Jen Lancaster's sarcastic memoirs have kept me LOL-ing since Bitter is the New Black, but her first teen book, The Gatekeepers, tackles the serious issue of teen suicide on Chicago's North Shore. An unlikely group of friends bands together Breakfast Club-style to prevent their classmates from taking their lives. Lancaster lightens the heavy subject matter with hilarious 1980s movie references.

Set in Jefferson Park, Neighborhood Girls deals with another troubling current topic, police brutality. After Wendy's police officer dad get arrested for torturing suspects, she befriends some tough girls to protect her from unwanted attention at her Catholic school. Former CPS teacher Jessie Ann Foley's first novel, The Carnival at Bray, was a Printz Honor Book and a Morris Award finalist, so her new one is a must-read.

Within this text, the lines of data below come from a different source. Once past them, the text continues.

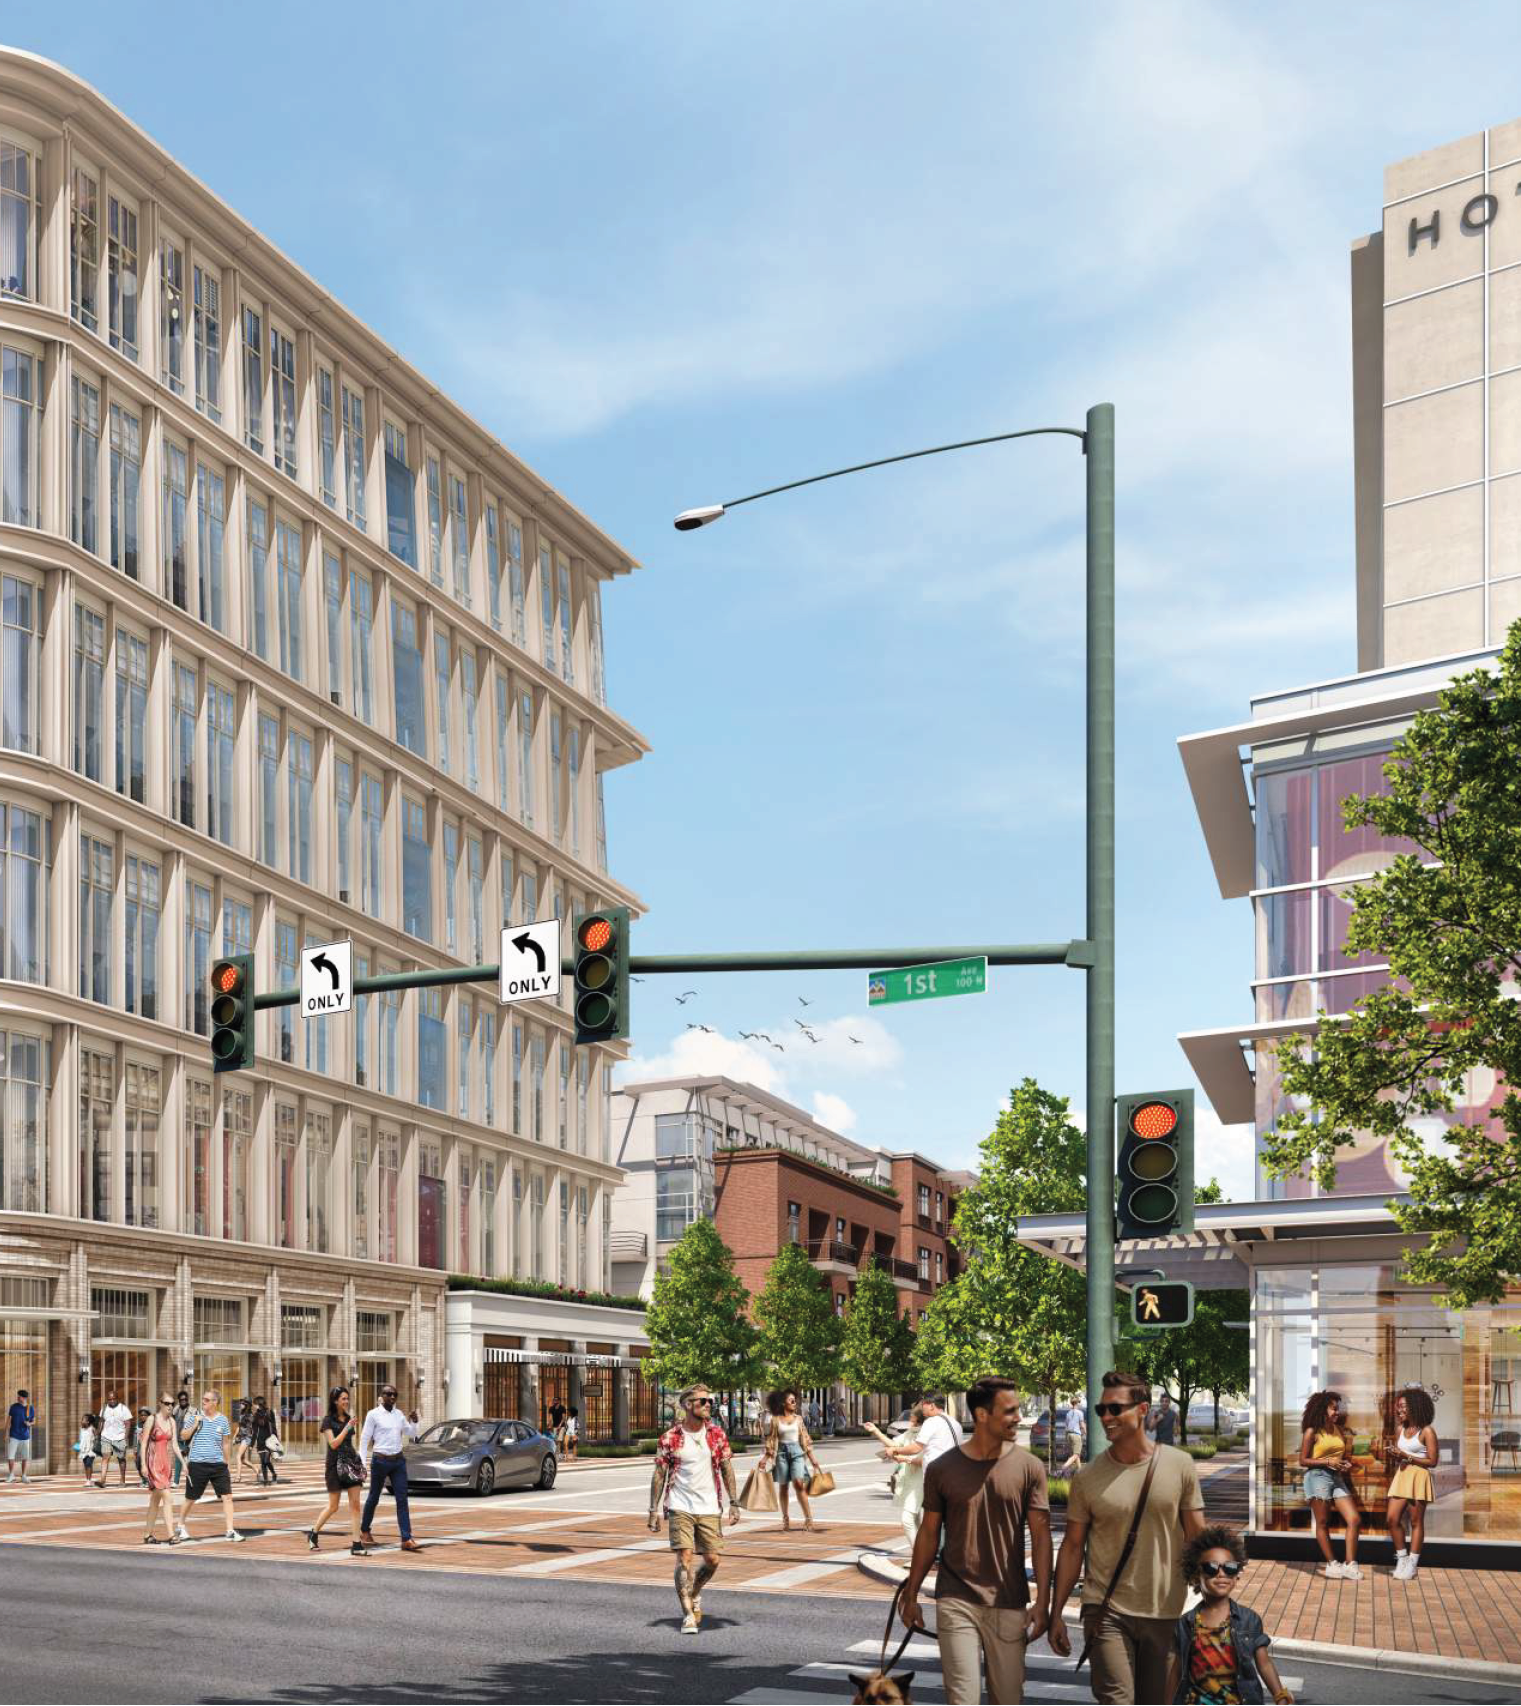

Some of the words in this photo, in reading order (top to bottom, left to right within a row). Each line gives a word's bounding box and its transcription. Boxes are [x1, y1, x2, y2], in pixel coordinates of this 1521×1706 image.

[1407, 182, 1521, 257] HO
[509, 975, 551, 994] ONLY
[904, 970, 937, 994] 1st
[308, 993, 344, 1010] ONLY
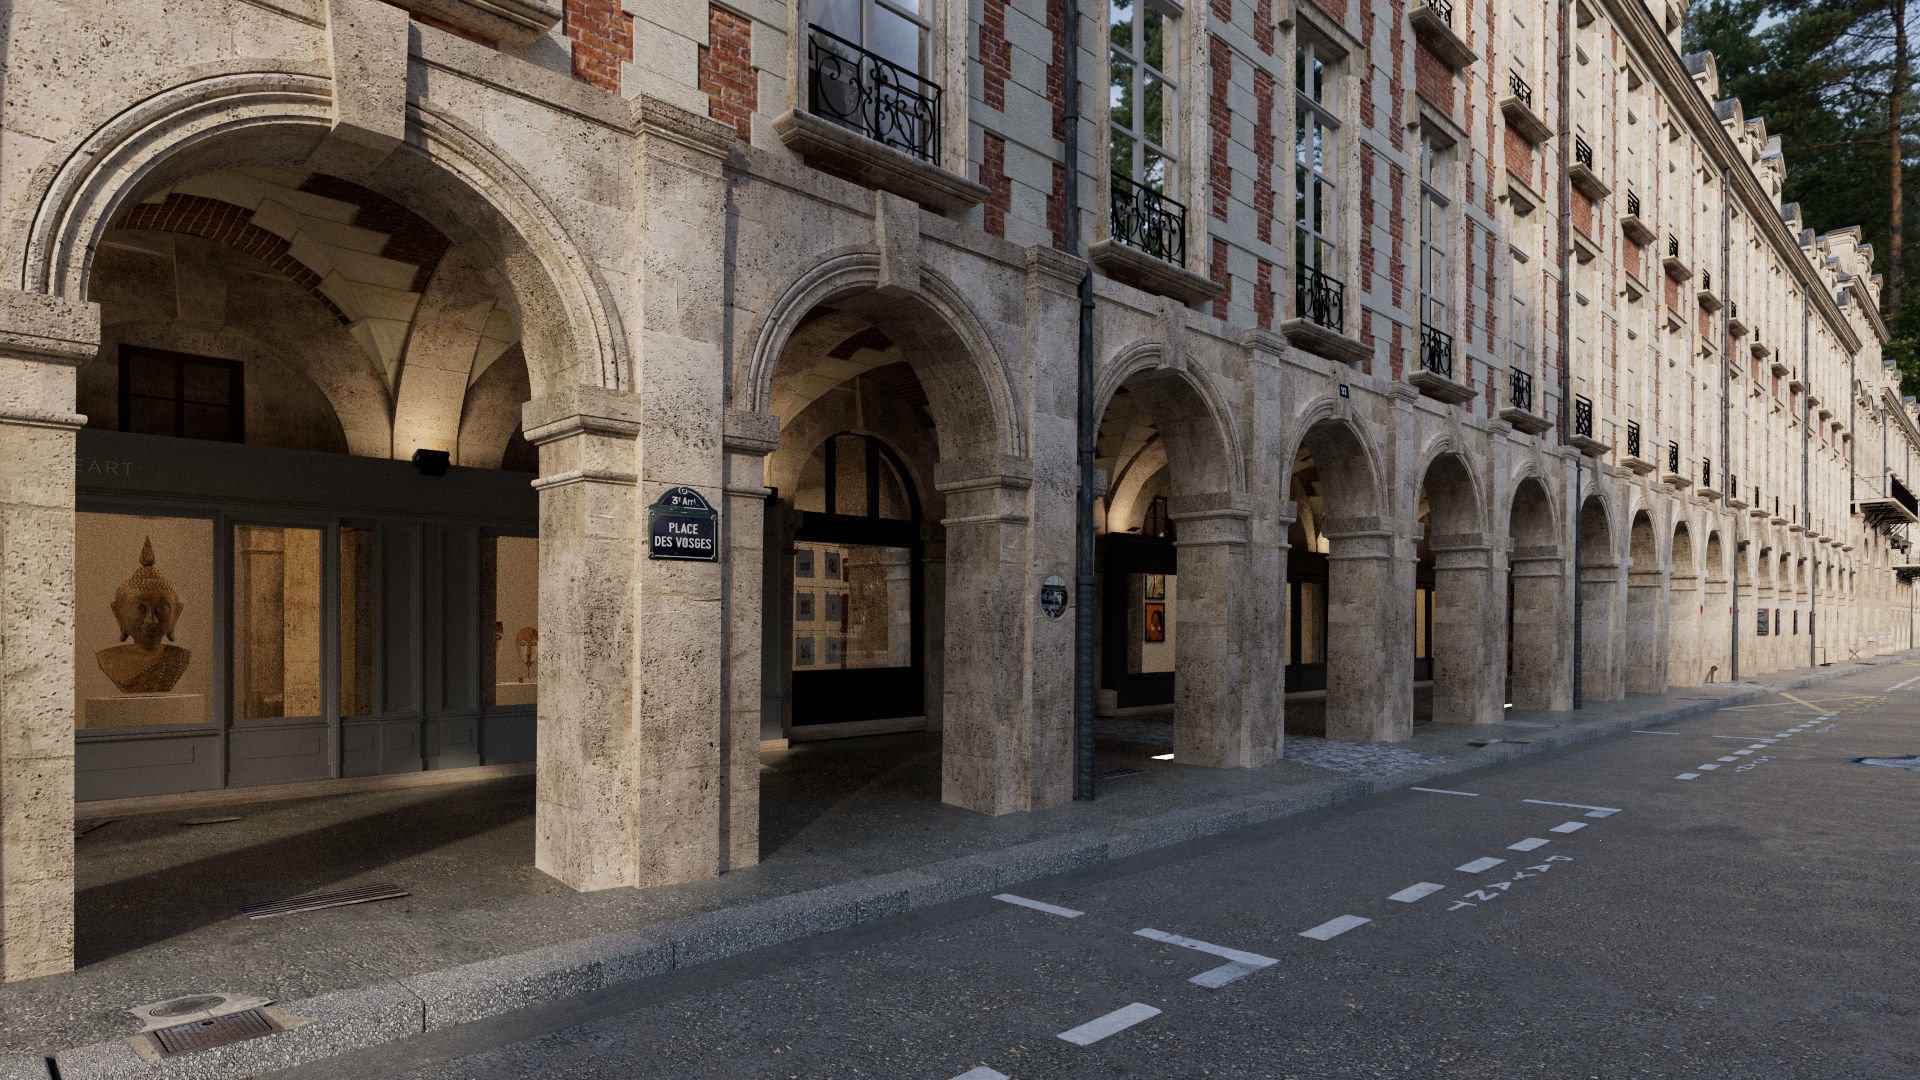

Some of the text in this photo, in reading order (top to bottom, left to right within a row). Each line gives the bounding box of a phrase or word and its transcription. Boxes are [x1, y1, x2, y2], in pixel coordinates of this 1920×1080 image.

[668, 522, 699, 534] PLACE
[654, 535, 712, 550] DES VOSGES
[1445, 855, 1575, 912] PAYANT
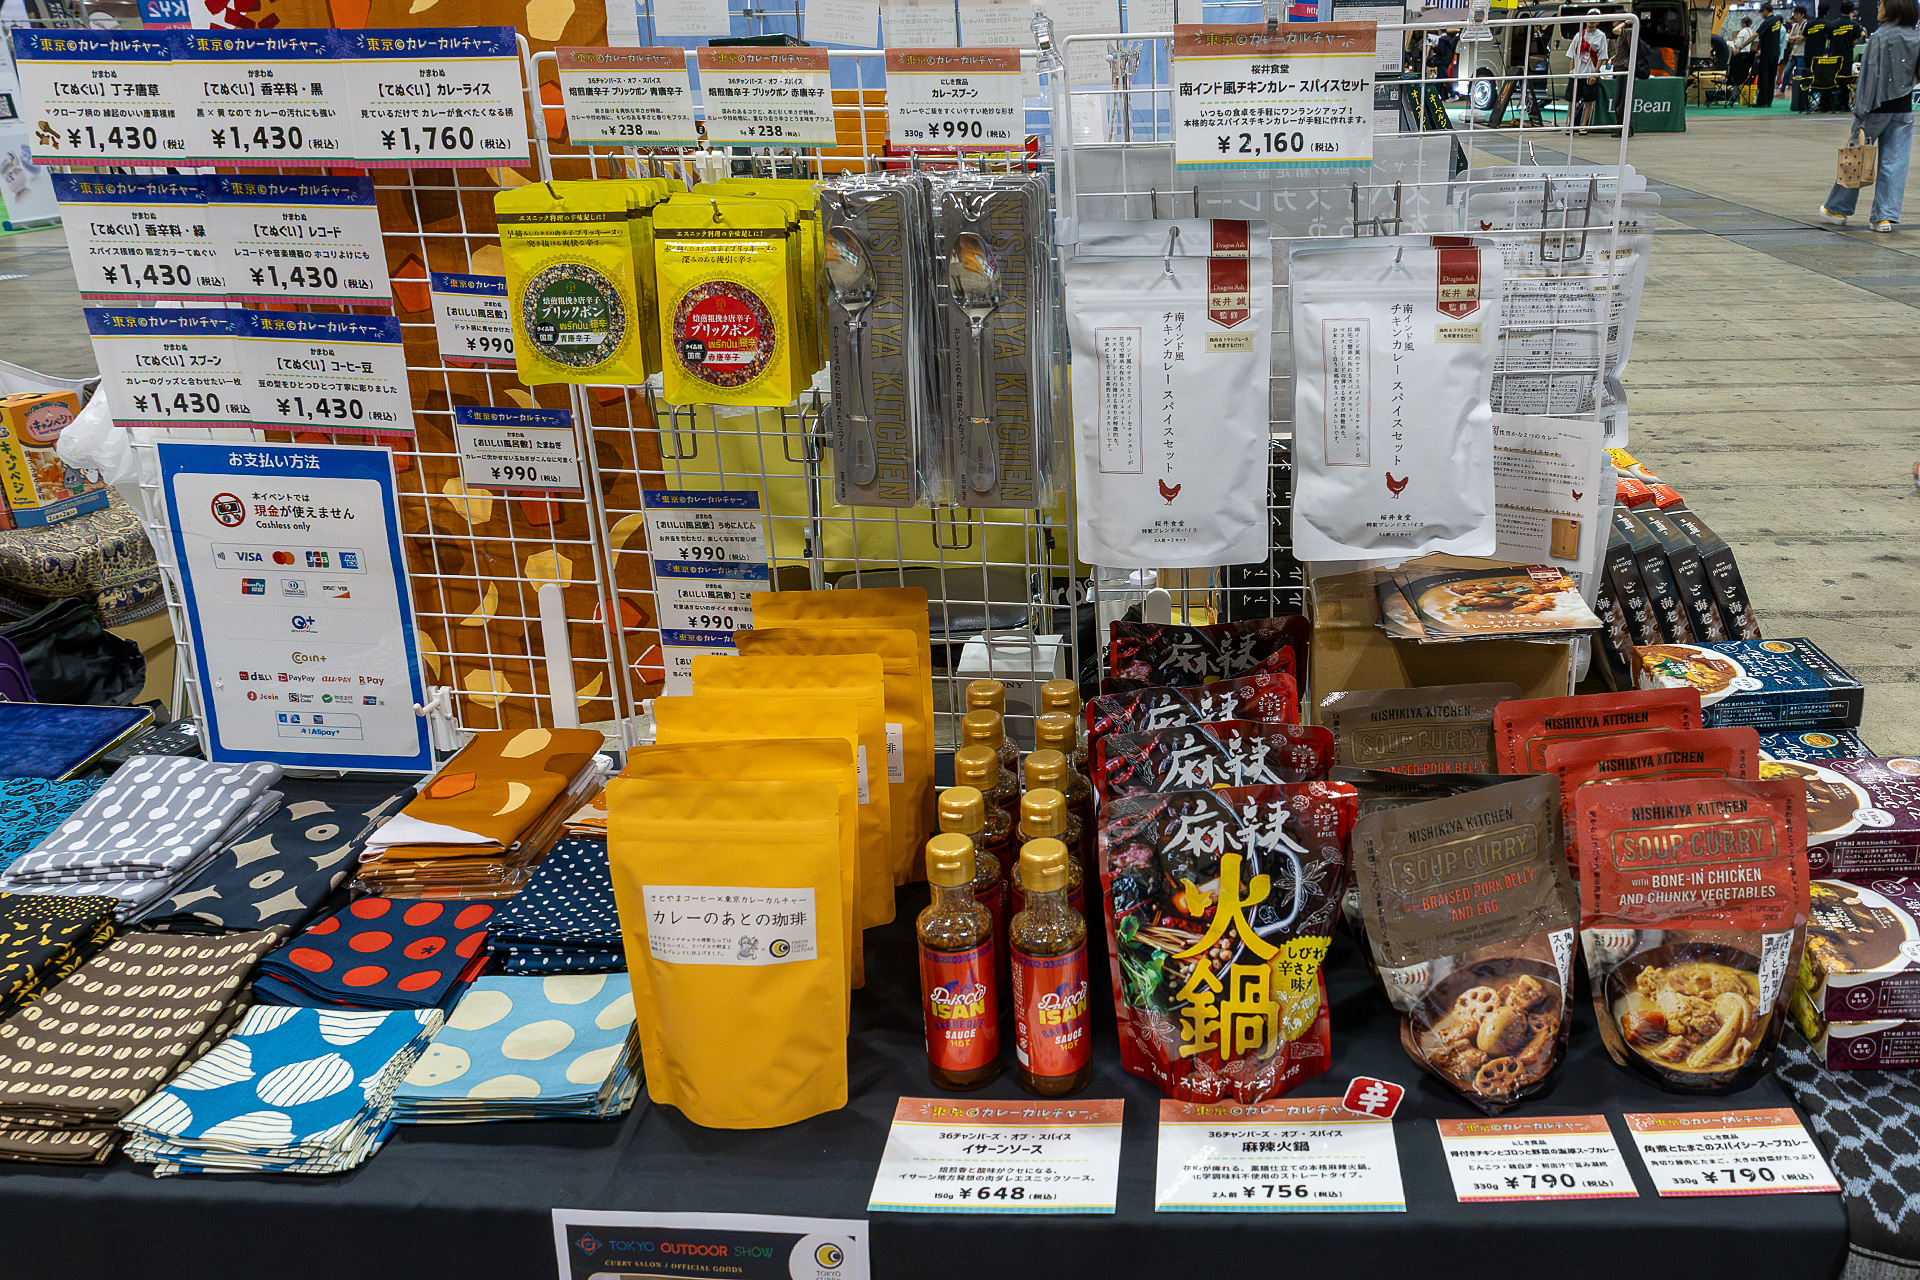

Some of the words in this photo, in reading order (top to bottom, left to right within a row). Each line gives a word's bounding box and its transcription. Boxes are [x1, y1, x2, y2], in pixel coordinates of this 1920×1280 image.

[92, 70, 118, 78] かまわぬ
[248, 69, 274, 78] かまわぬ
[419, 69, 446, 77] かまわぬ
[1251, 64, 1290, 74] 桜井食堂
[931, 89, 979, 98] カレースプーン
[1179, 80, 1296, 96] 南インド風チキンカレー
[1299, 78, 1369, 93] スパイスセット
[255, 108, 336, 118] カレーの汚れにも強い
[361, 109, 419, 118] 見ているだけで
[421, 108, 514, 117] カレーが食べたくなる柄
[1200, 107, 1354, 117] いつもの食卓を手軽にワンランクアップ!
[1183, 116, 1367, 127] 本格的なスパイスチキンカレーが手軽に作れます。
[608, 124, 643, 136] ¥238
[748, 125, 783, 137] ¥238
[904, 129, 923, 138] 330g
[928, 121, 983, 138] ¥990
[986, 130, 1011, 139] (税込)
[67, 126, 157, 152] ¥1,430
[211, 126, 303, 153] ¥1,430
[308, 139, 339, 150] (税込)
[381, 126, 475, 154] ¥1,760
[480, 139, 511, 150] (税込)
[1310, 142, 1340, 152] (税込)
[131, 212, 157, 220] かまわぬ
[282, 213, 307, 221] かまわぬ
[314, 250, 370, 260] ホコリよけにも
[102, 264, 192, 288] ¥1,430
[196, 276, 227, 287] (税込)
[250, 265, 338, 291] ¥1,430
[343, 279, 374, 289] (税込)
[866, 200, 903, 359] NISHIKIYA
[989, 199, 1027, 361] NISHIKIYA
[1213, 284, 1233, 292] Dragon
[1219, 311, 1239, 320] 監修
[1448, 303, 1468, 312] 監修
[692, 314, 752, 323] 焙煎粗挽き唐辛子
[1403, 304, 1414, 352] 南インド風
[1174, 311, 1185, 362] 南インド風
[163, 343, 189, 351] かまわぬ
[310, 348, 335, 356] かまわぬ
[466, 337, 514, 353] ¥990
[1162, 311, 1174, 384] チキンカレー
[708, 353, 740, 361] 赤唐辛子
[126, 377, 242, 386] カレーのグッズと合わせたい一枚
[133, 393, 220, 416] ¥1,430
[276, 396, 364, 421] ¥1,430
[368, 411, 397, 422] (税込)
[872, 372, 910, 501] KITCHEN
[995, 372, 1033, 501] KITCHEN
[228, 452, 321, 470] お支払い方法
[491, 466, 537, 481] ¥990
[252, 492, 310, 502] 本イベントでは
[253, 504, 355, 520] 現金が使えません
[256, 520, 291, 530] Cashless
[292, 522, 311, 532] only
[234, 551, 263, 562] VISA
[679, 547, 725, 560] ¥990
[688, 615, 734, 629] ¥990
[1158, 631, 1262, 675] 麻辣
[1371, 708, 1422, 722] NISHIKIYA
[1426, 705, 1471, 717] KITCHEN
[1544, 714, 1600, 730] NISHIKIYA
[1602, 711, 1649, 726] KITCHEN
[1361, 733, 1413, 756] SOUP
[1417, 729, 1480, 750] CURRY
[1157, 729, 1286, 793] 麻辣
[1423, 762, 1453, 774] PORK
[1455, 761, 1487, 773] BELLY
[1598, 756, 1654, 773] NISHIKIYA
[1657, 751, 1704, 765] KITCHEN
[1632, 805, 1692, 821] NISHIKIYA
[1697, 800, 1748, 815] KITCHEN
[1163, 796, 1310, 860] 麻辣
[1408, 820, 1463, 844] NISHIKIYA
[1466, 807, 1513, 829] KITCHEN
[1623, 834, 1684, 861] SOUP
[1690, 828, 1763, 855] CURRY
[1403, 851, 1457, 886] SOUP
[1463, 833, 1527, 870] CURRY
[1631, 878, 1649, 886] WITH
[1652, 872, 1704, 888] BONE-IN
[1708, 868, 1762, 884] CHICKEN
[1422, 887, 1470, 911] BRAISED
[1474, 877, 1503, 898] PORK
[1505, 868, 1534, 890] BELLY
[1619, 891, 1644, 906] AND
[1647, 889, 1697, 904] CHUNKY
[1701, 885, 1776, 901] VEGETABLES
[651, 894, 807, 904] さとやまコーヒー×東京カレーカルチャー
[653, 910, 807, 927] カレーのあとの珈琲
[1451, 904, 1475, 923] AND
[1477, 899, 1499, 915] EGG
[1172, 852, 1281, 1061] 火鍋
[930, 982, 987, 1005] Disco
[1037, 981, 1088, 1011] Disco
[932, 999, 985, 1020] ISAN
[1039, 999, 1088, 1026] ISAN
[935, 1018, 985, 1031] BARBEQUE
[945, 1029, 976, 1040] SAUCE
[1054, 1028, 1083, 1045] SAUCE
[950, 1040, 971, 1048] HOT
[1060, 1040, 1078, 1052] HOT
[1358, 1082, 1389, 1114] 辛
[962, 1145, 1043, 1155] イサーンソース
[1242, 1141, 1310, 1152] 麻辣火鍋
[1644, 1140, 1809, 1153] 角煮とたまごのスパイシースープカレー
[899, 1173, 1095, 1182] イサーン地方発想の肉ダレエスニックソース。
[939, 1166, 1057, 1175] 焙煎香と酸味がクセになる、
[1672, 1177, 1698, 1185] 330g
[1702, 1167, 1776, 1183] ¥790
[1781, 1173, 1815, 1181] (税込)
[1504, 1173, 1576, 1189] ¥790
[934, 1192, 954, 1200] 150g
[959, 1186, 1026, 1200] ¥648
[1243, 1184, 1309, 1198] ¥756
[1313, 1190, 1343, 1198] (税込)
[609, 1240, 655, 1252] TOKYO
[661, 1243, 728, 1257] OUTDOOR
[734, 1246, 774, 1259] SHOW
[671, 1262, 711, 1271] OFFICIAL
[713, 1264, 743, 1273] GOODS

Another highly praised novel, Erika Sanchez's I Am Not Your Perfect Mexican Daughter, has already landed on the National Book Awards longlist for Young People's Literature. After her older sister's death, Julia plans to escape her rough Chicago neighborhood to attend college in New York. She thinks she'll never live up to her parents' expectations, but she soon discovers that her sister wasn't so perfect, either. 

If you have middle schoolers in your life, they'll love The First Rule of Punk by Celia C. Perez, which is also generating huge awards buzz.